That had happened only once before, on the day U.S. president Warren Harding died in 1923, and the only time it happened afterward was when Commissioner Bud Selig stopped play for six days from Sept. 11-16, 2001, because of the terrorist attacks.
Thirty-five Hall of Fame members and more than 500 Major League players served in World War II, according to the National Baseball Hall of Fame. Many of them served as fitness trainers, morale officers or in other
non-combat roles. But among the sailors and soldiers participating in the D-Day invasion were future Hall of Fame baseball players Yogi Berra and Leon Day.
About a year before D-Day, the New York Yankees signed Berra and sent him to Norfolk in the Class D Virginia League, but he was drafted soon after and went into the Navy. Berra had been offered $250 to sign with the St.

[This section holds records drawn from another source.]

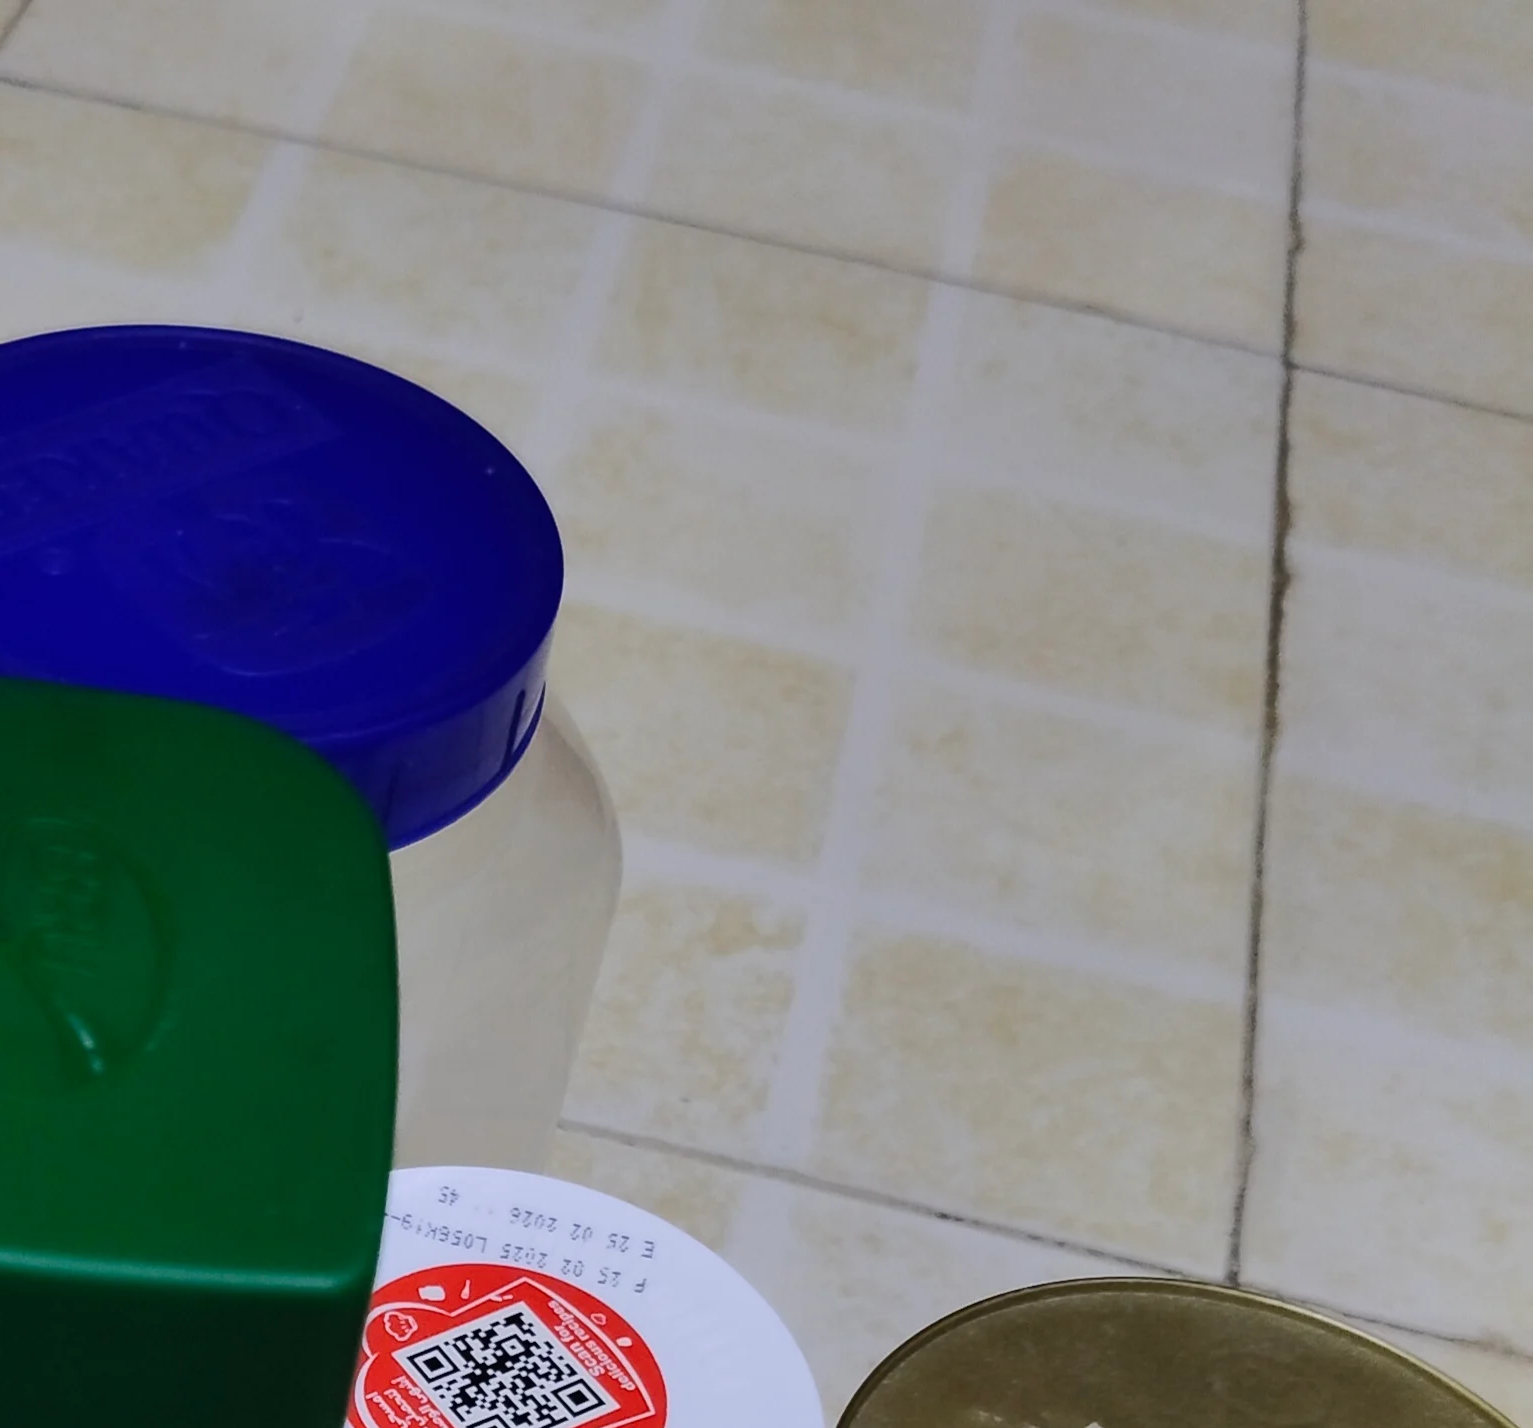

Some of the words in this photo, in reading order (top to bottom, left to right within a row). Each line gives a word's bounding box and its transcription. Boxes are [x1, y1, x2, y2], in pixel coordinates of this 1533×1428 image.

[507, 1205, 560, 1235] 2026
[567, 1221, 594, 1244] 02
[498, 1239, 549, 1271] 2025
[604, 1230, 631, 1254] 25
[558, 1255, 586, 1279] 02
[546, 1299, 590, 1343] recipes
[552, 1322, 575, 1344] for
[568, 1339, 606, 1378] Scan
[585, 1338, 636, 1391] delicious

Louis Cardinals, but turned it down because he wanted the same $500 the Cardinals gave his boyhood friend Joe Garagiola.
On D-Day, while Leon Day was landing on Utah Beach with an Army amphibious unit, Berra was on an LST participating in the Normandy invasion, then went off the LST onto a 50-foot rocket-launcher boat that went within 20 yards of the beach.
"He said he was just a kid, so he wasn't that scared," said Berra's son Dale, also a former Major Leaguer.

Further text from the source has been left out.